Killed by persons unknown at Scouts gathering
Group: House Corvidae
Barony: Southampton
County: Exeter
Duchy: Cornwall
Race: Human
Until the meeting of the Harts and the people of Cornwall in April 1106, Petroc Tregorran was a little known officer of the Cornish battalion. Known locally as the son of yeoman farmers, Margaret and Dennis Tregorran, from near Maiden Castle, he had joined the battalion as a youth, and served loyally with it ever since. He had fought with the Battalion at the time of the civil war, being one of the troops defending Bristol, when Lord General Corvus took shelter there, after which he had hung up his armour and shield.
He had stood with the battalion for Rozenwyn Pervaine, during the recent revolt, holding her orders when she met with the loyal Harts. On the way to the Caer Pendrinn meeting, he was possessed by his ancestor, Igraine, and brought the news to the Harts that her support would be for those who reunited Cornwall and Albion. On the success of the meeting, he decided to enter public life in Albion, and travel with the Harts.

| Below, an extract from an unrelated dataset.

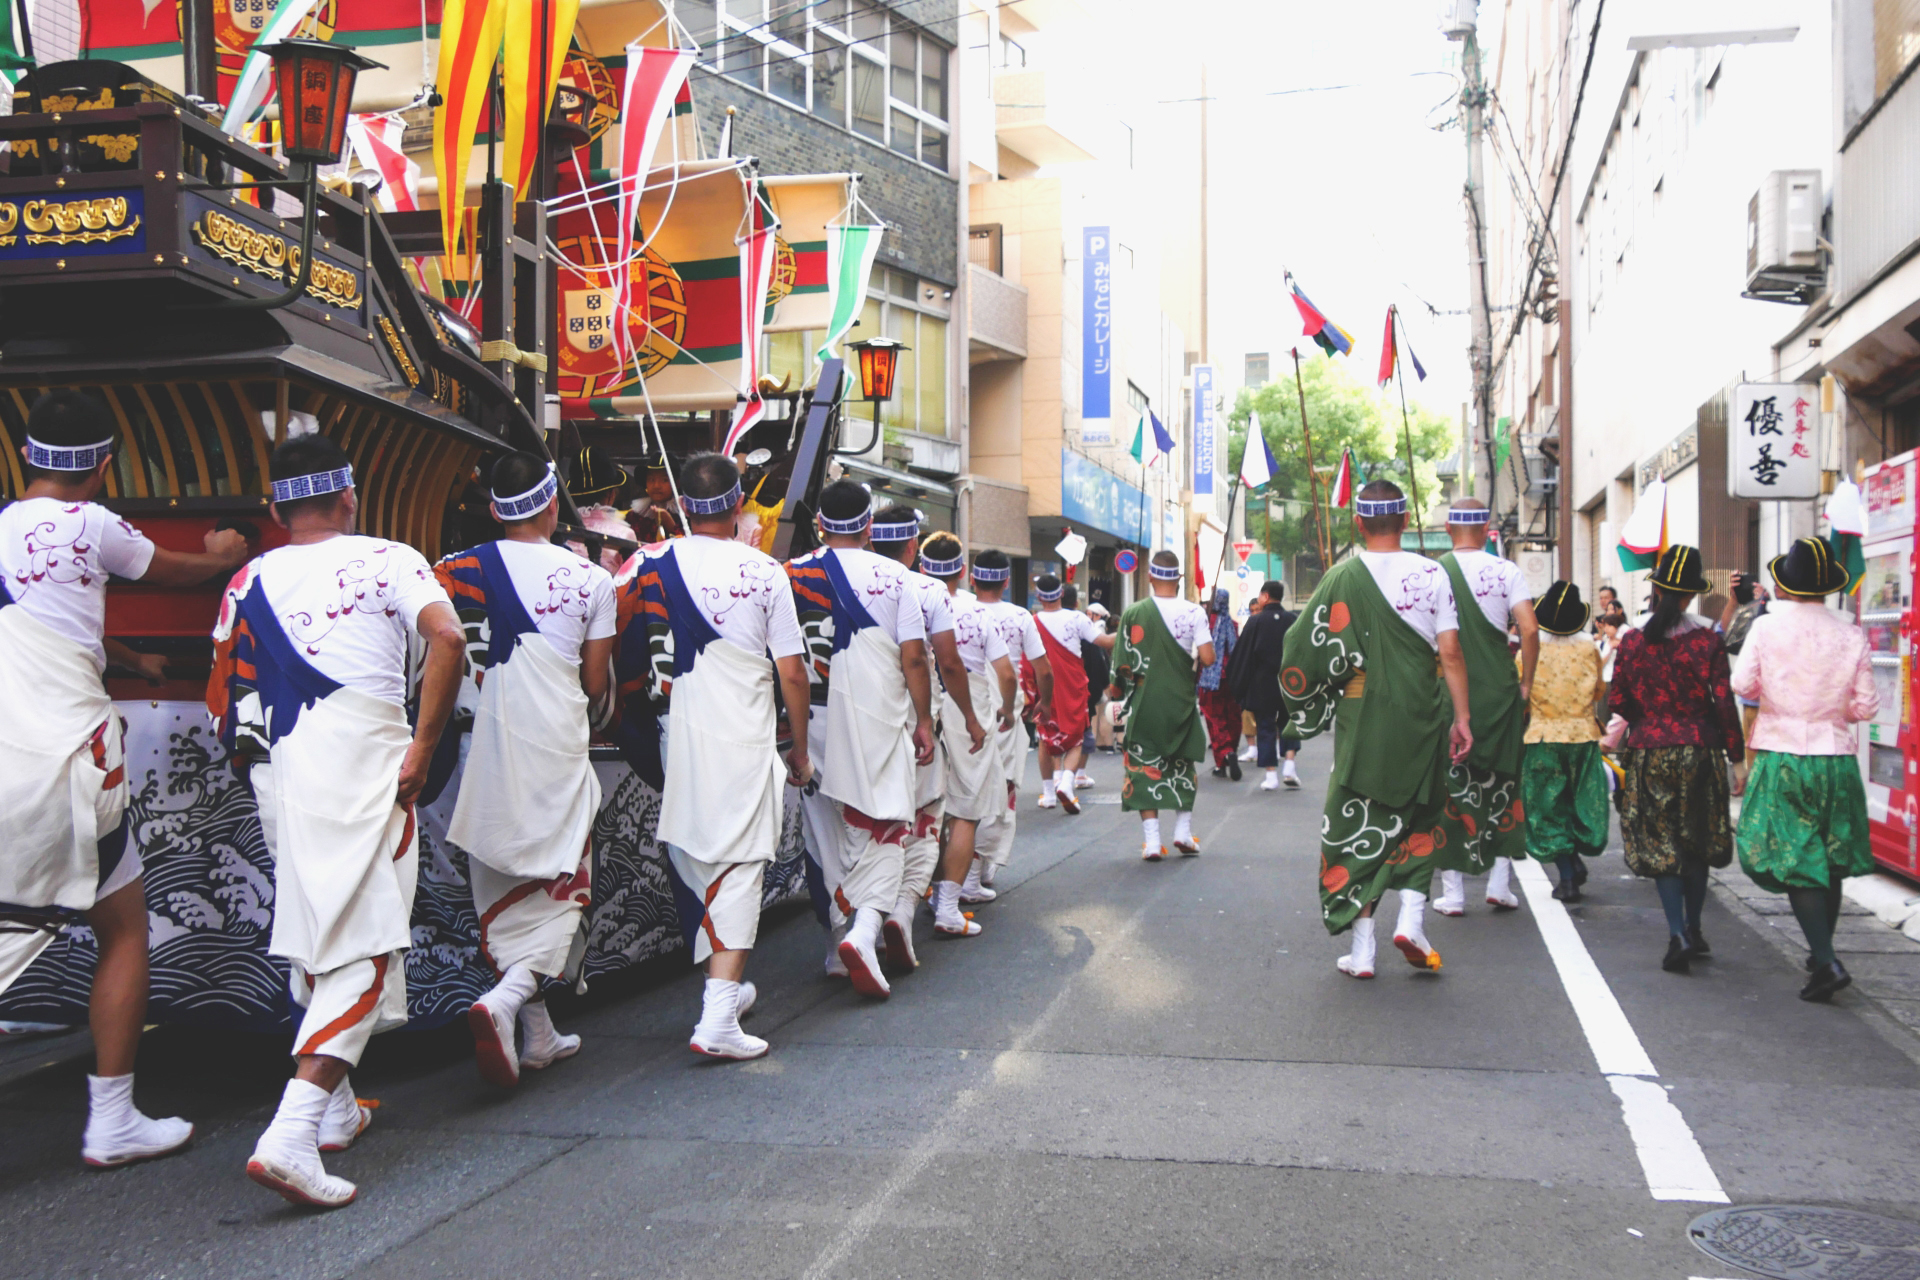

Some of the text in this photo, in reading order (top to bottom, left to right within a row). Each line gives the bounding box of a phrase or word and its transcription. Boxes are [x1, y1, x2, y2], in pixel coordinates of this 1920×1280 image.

[1090, 236, 1106, 255] P
[1094, 261, 1110, 374] みなとガレージ
[1789, 396, 1810, 459] 食事処

Later in the spring of 1106, he received a will and other papers from the Bank of Erdreja telling that the widow Margaret Tregorran had died in the famine that was affecting Albion. The papers indicated that he had been adopted from a branch of House Corvidae by the Tregorrans as a child. Unsure of what to do, he researched the papers, and although still not convinced of their truth, when the Harts entered the mists to choose the trinity of ancestors, he travelled with them, protected by Igraine. When those of noble blood were required, he touched the Pendragon throne, receiving a vision of the king, and took part in the ritual that bound the hallows to the land, calling on Igraine by the name of his birth – Peter Pyrrhocorax Hroc. The fact that the by the time of the Gathering the researches showed the papers to be genuine did not matter – his faith in their accuracy, and his family heritage was defined from his survival of that moment. His name though, for daily purposes,! would remain as it was best known.